Data section start
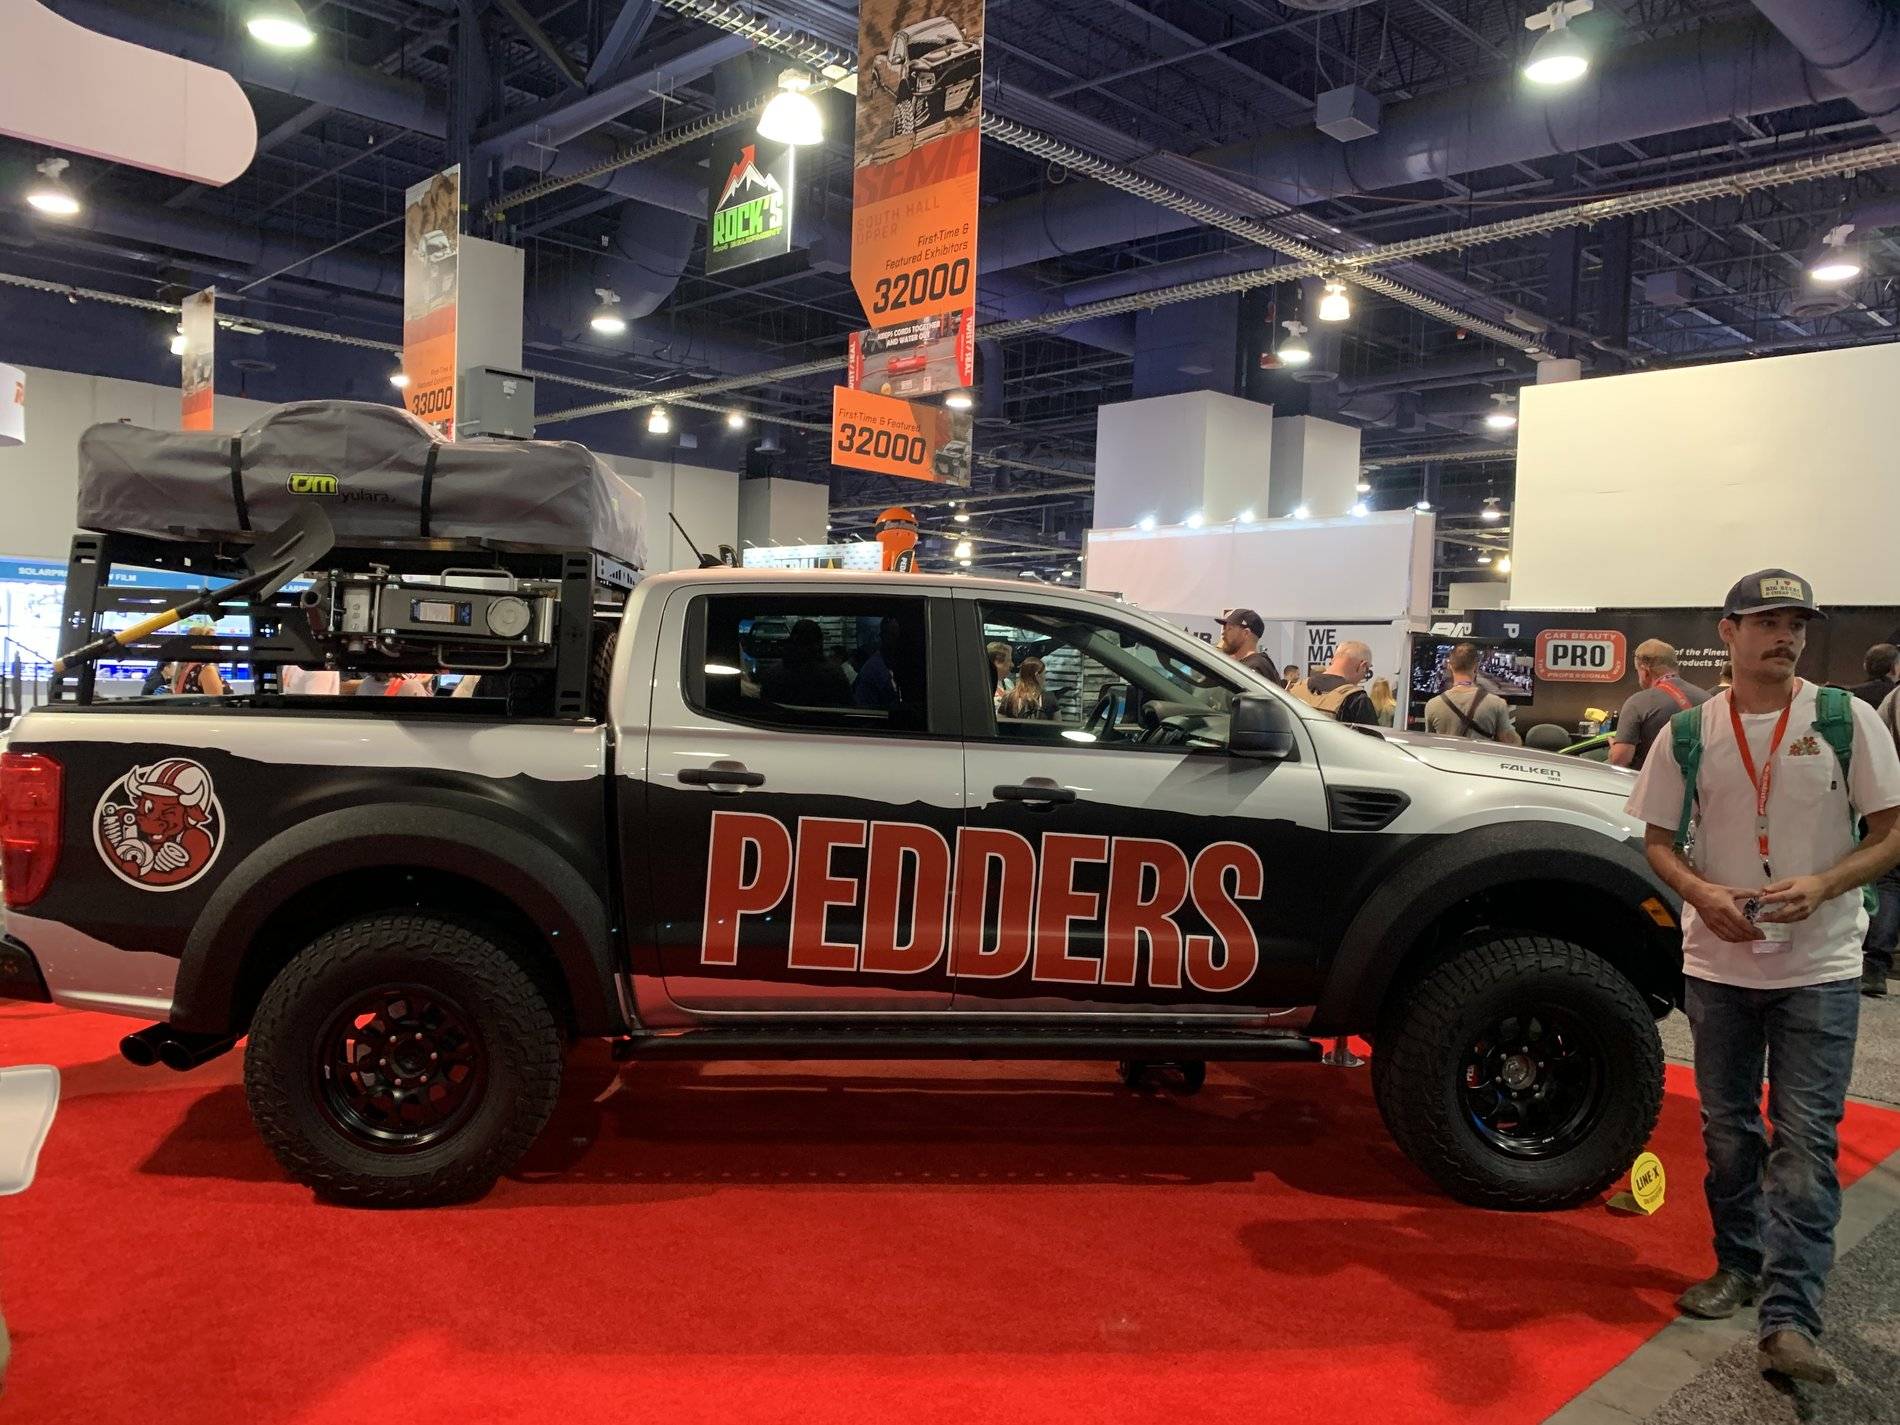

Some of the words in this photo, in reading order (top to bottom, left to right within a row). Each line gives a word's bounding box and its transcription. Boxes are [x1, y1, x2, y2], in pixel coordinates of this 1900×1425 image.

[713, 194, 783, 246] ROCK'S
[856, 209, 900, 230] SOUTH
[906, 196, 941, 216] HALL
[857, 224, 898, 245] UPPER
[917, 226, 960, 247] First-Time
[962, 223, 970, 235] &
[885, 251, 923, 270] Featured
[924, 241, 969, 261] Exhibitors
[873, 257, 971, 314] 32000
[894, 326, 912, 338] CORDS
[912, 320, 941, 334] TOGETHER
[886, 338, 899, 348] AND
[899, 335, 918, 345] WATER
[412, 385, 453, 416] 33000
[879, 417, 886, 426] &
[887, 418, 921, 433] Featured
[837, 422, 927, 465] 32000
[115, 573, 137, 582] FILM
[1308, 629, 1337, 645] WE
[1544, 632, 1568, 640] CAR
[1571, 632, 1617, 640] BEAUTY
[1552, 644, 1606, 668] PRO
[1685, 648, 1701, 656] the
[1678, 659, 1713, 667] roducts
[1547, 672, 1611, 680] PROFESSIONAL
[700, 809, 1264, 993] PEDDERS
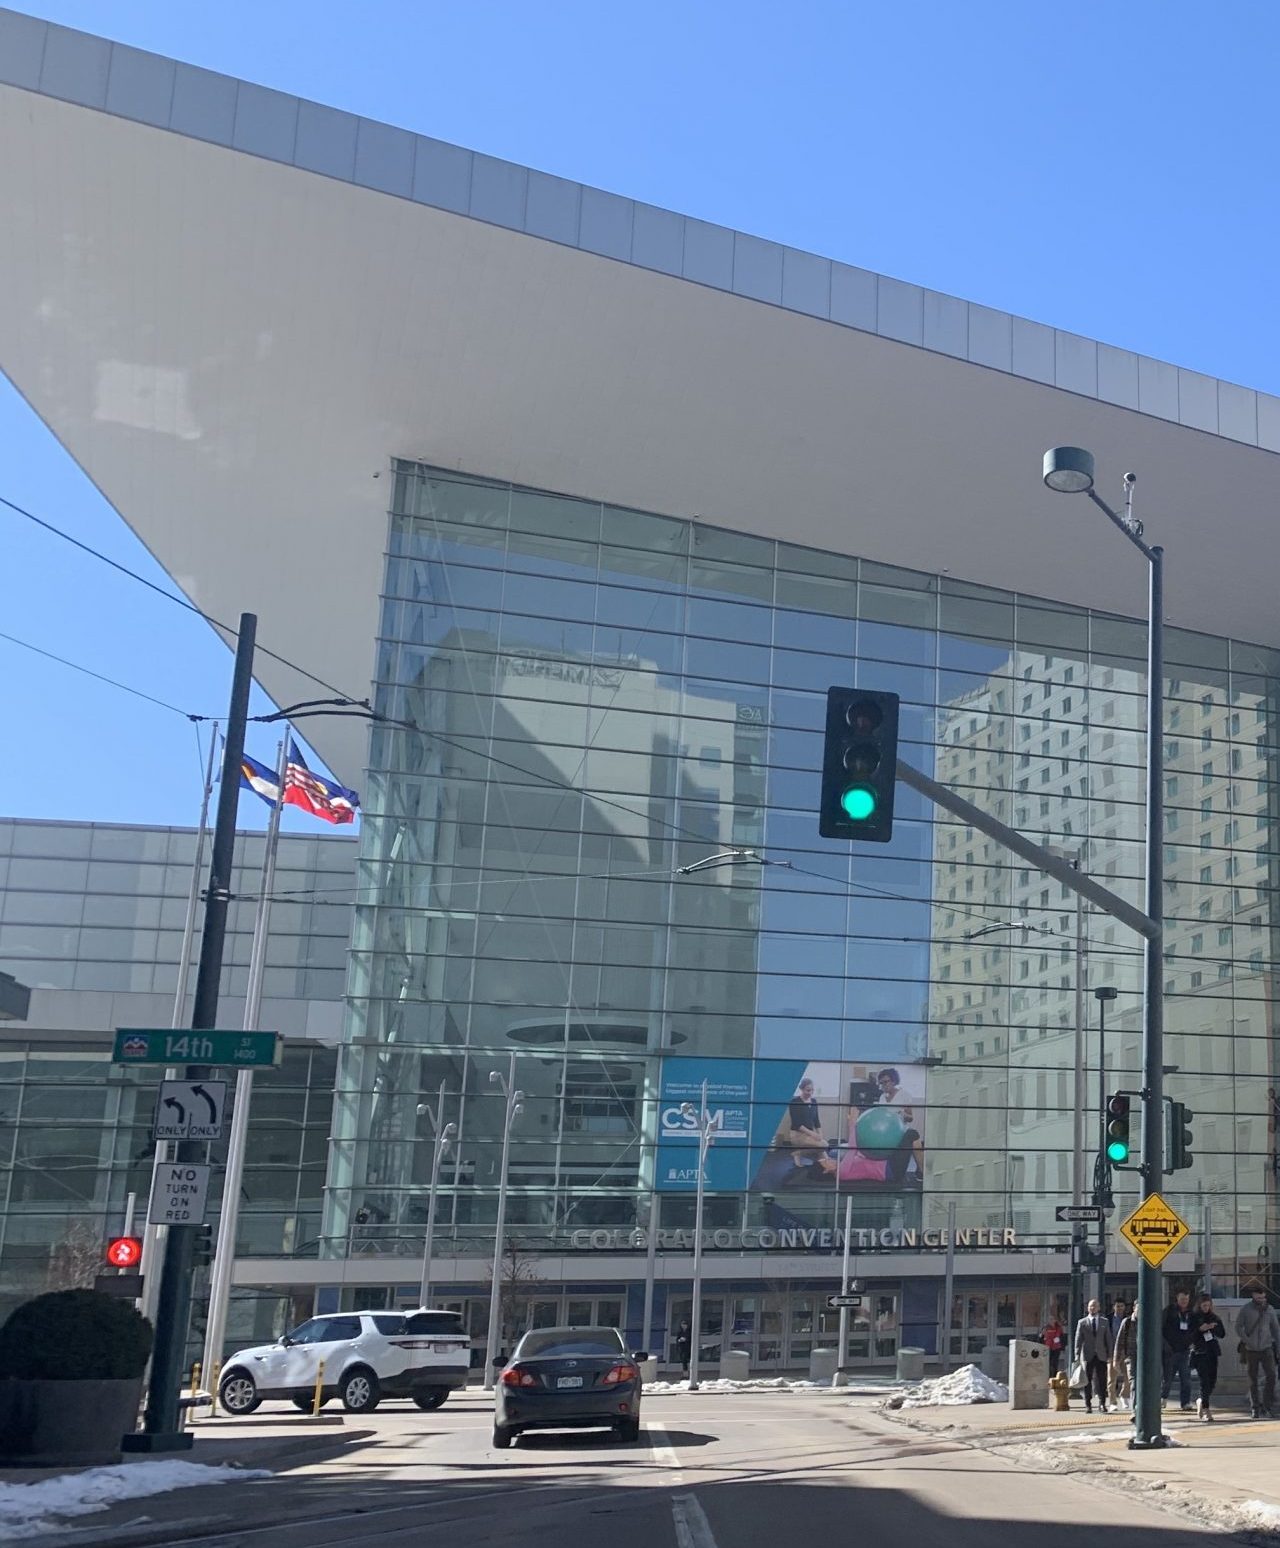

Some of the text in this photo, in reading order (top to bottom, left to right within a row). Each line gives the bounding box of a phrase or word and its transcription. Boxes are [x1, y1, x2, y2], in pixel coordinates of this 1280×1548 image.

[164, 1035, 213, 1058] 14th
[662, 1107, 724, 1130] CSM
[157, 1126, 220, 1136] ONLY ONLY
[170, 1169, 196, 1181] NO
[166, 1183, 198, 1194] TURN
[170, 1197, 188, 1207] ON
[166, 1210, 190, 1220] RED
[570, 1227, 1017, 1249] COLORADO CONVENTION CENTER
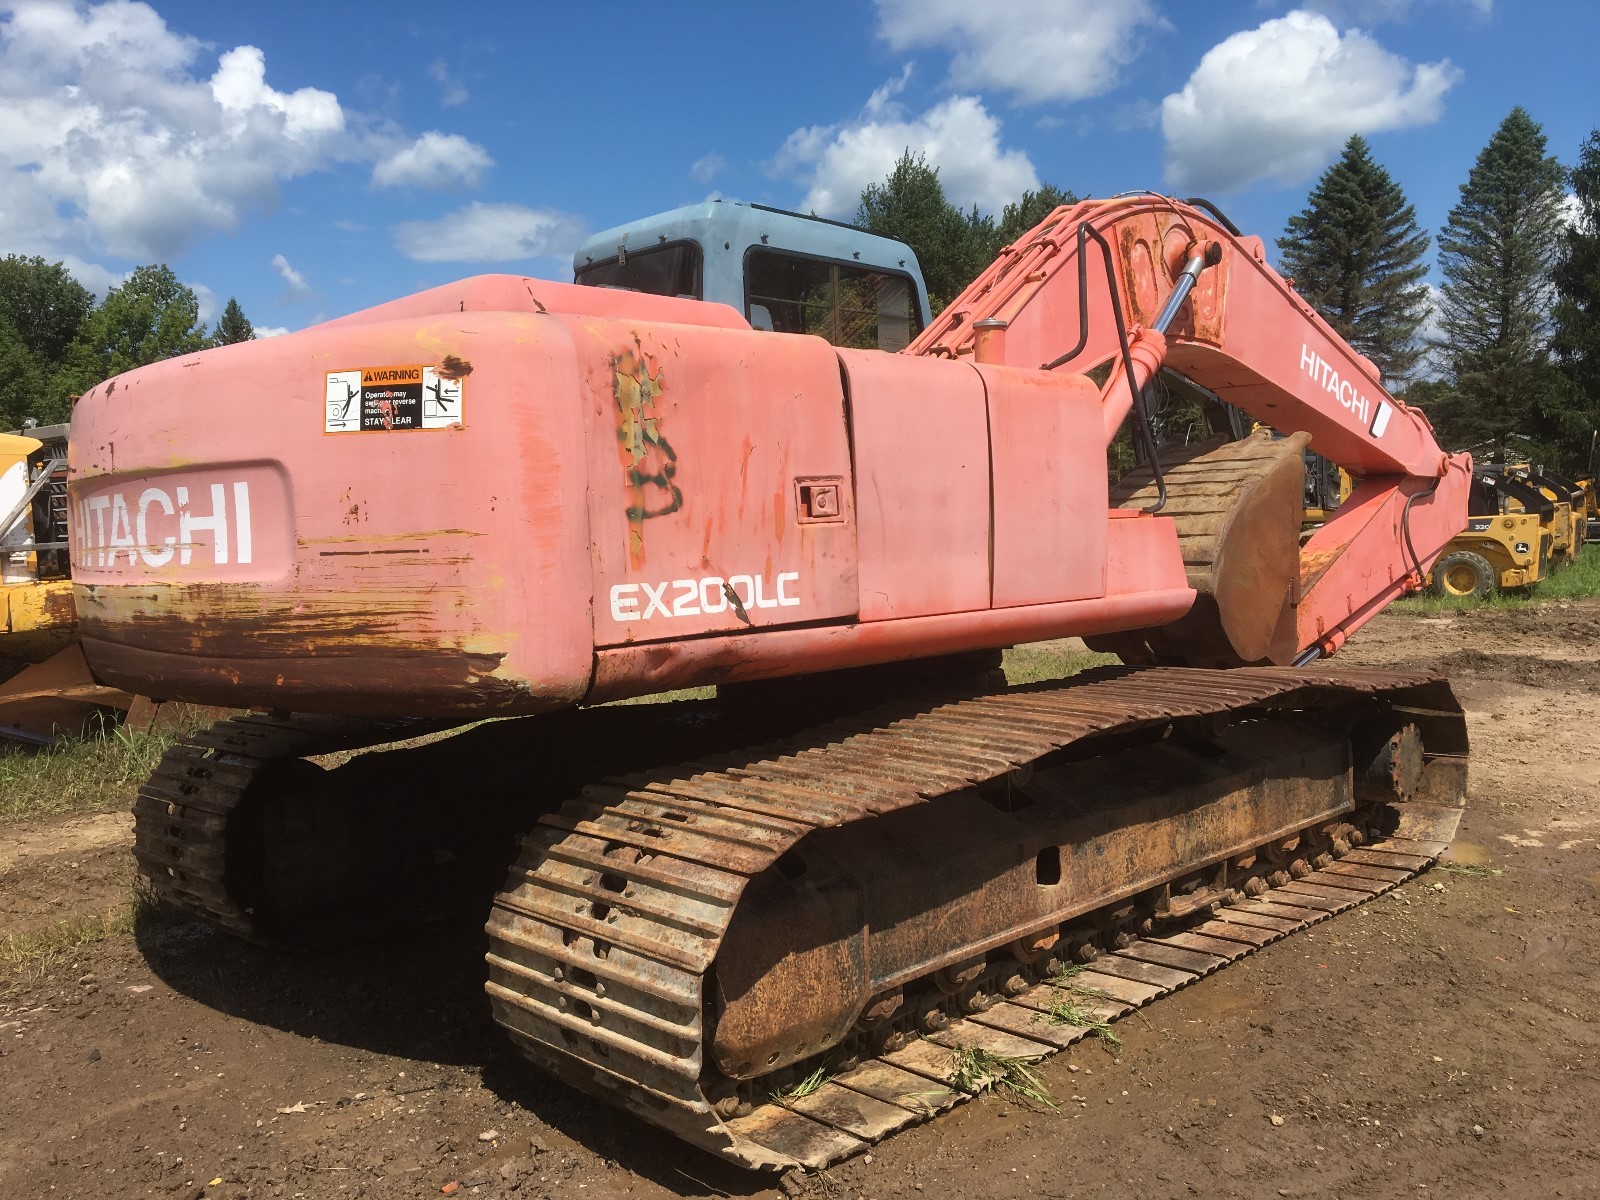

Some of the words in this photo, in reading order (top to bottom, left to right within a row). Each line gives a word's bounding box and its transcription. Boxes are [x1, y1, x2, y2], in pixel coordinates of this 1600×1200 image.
Data section end
Your instructions ▸ Please repeat every record exactly as it stands, leaving out any pictures.

Answer to the exercise ▸
Some of the words in this photo, in reading order (top to bottom, left to right within a row). Each line gives a word's bounding box and its transcription. Boxes are [x1, y1, x2, y2], in pixel coordinates of this 1900×1425 image.

[713, 194, 783, 246] ROCK'S
[856, 209, 900, 230] SOUTH
[906, 196, 941, 216] HALL
[857, 224, 898, 245] UPPER
[917, 226, 960, 247] First-Time
[962, 223, 970, 235] &
[885, 251, 923, 270] Featured
[924, 241, 969, 261] Exhibitors
[873, 257, 971, 314] 32000
[894, 326, 912, 338] CORDS
[912, 320, 941, 334] TOGETHER
[886, 338, 899, 348] AND
[899, 335, 918, 345] WATER
[412, 385, 453, 416] 33000
[879, 417, 886, 426] &
[887, 418, 921, 433] Featured
[837, 422, 927, 465] 32000
[115, 573, 137, 582] FILM
[1308, 629, 1337, 645] WE
[1544, 632, 1568, 640] CAR
[1571, 632, 1617, 640] BEAUTY
[1552, 644, 1606, 668] PRO
[1685, 648, 1701, 656] the
[1678, 659, 1713, 667] roducts
[1547, 672, 1611, 680] PROFESSIONAL
[700, 809, 1264, 993] PEDDERS

Some of the text in this photo, in reading order (top to bottom, left to right within a row). Each line gives the bounding box of a phrase or word and its transcription. Boxes are [x1, y1, x2, y2], in pixel coordinates of this 1280×1548 image.

[164, 1035, 213, 1058] 14th
[662, 1107, 724, 1130] CSM
[157, 1126, 220, 1136] ONLY ONLY
[170, 1169, 196, 1181] NO
[166, 1183, 198, 1194] TURN
[170, 1197, 188, 1207] ON
[166, 1210, 190, 1220] RED
[570, 1227, 1017, 1249] COLORADO CONVENTION CENTER

Some of the words in this photo, in reading order (top to bottom, left to right within a row). Each line gives a word's bounding box and its transcription. Boxes are [x1, y1, x2, y2], in pixel coordinates of this 1600×1200 image.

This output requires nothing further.